═════ DATASET ═════

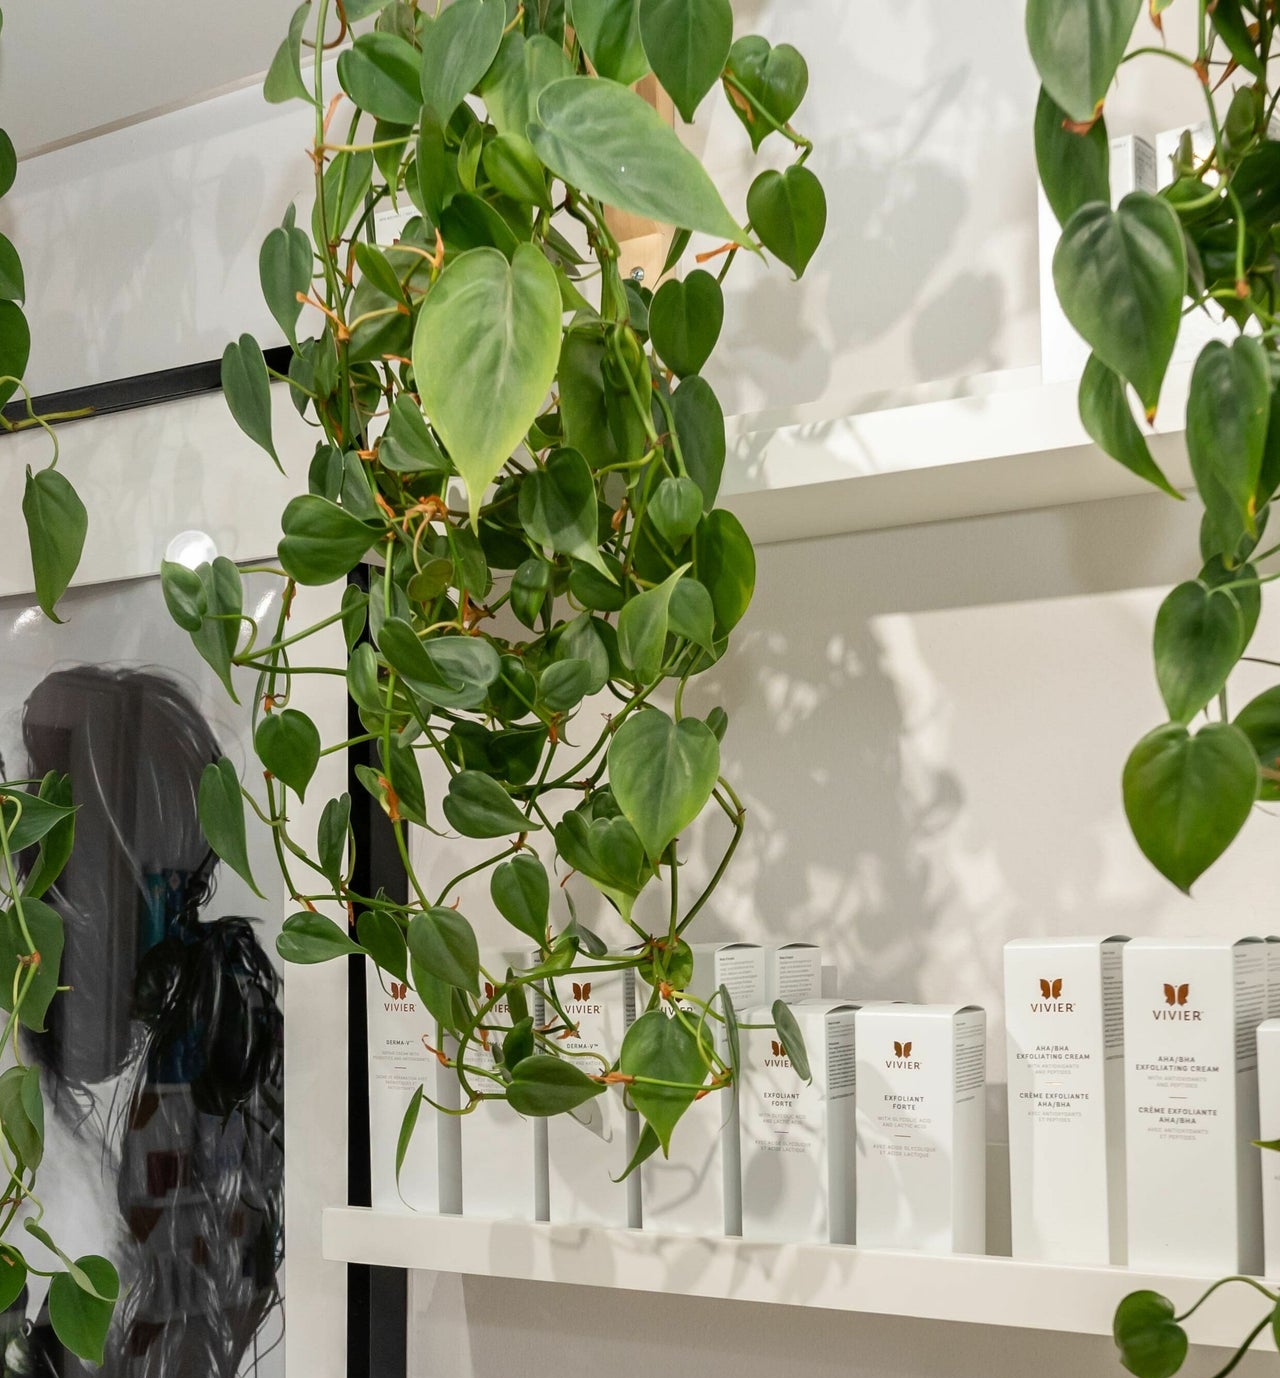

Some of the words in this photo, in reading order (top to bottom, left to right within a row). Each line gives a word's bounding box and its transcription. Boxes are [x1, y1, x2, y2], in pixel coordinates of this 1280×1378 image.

[384, 1003, 415, 1013] VIVIER
[565, 1005, 600, 1014] VIVIER
[1030, 1003, 1074, 1012] VIVIER
[1152, 1010, 1202, 1021] VIVIER
[885, 1061, 920, 1070] VIVIER
[1136, 1064, 1187, 1072] EXFOLIATING
[1190, 1065, 1219, 1073] CREAM
[1020, 1091, 1042, 1099] CRÈME
[1045, 1092, 1089, 1100] EXFOLIANTE
[1138, 1105, 1164, 1114] CRÈME
[1167, 1106, 1217, 1116] EXFOLIANTE
[1158, 1116, 1196, 1125] AHA/BHA

═════

## EXERCISE DESCRIPTION
The expected output is each record, copied exactly, and nothing in place of the pictures.

## TASK OUTPUT
Some of the words in this photo, in reading order (top to bottom, left to right within a row). Each line gives a word's bounding box and its transcription. Boxes are [x1, y1, x2, y2], in pixel coordinates of this 1280×1378 image.

[384, 1003, 415, 1013] VIVIER
[565, 1005, 600, 1014] VIVIER
[1030, 1003, 1074, 1012] VIVIER
[1152, 1010, 1202, 1021] VIVIER
[885, 1061, 920, 1070] VIVIER
[1136, 1064, 1187, 1072] EXFOLIATING
[1190, 1065, 1219, 1073] CREAM
[1020, 1091, 1042, 1099] CRÈME
[1045, 1092, 1089, 1100] EXFOLIANTE
[1138, 1105, 1164, 1114] CRÈME
[1167, 1106, 1217, 1116] EXFOLIANTE
[1158, 1116, 1196, 1125] AHA/BHA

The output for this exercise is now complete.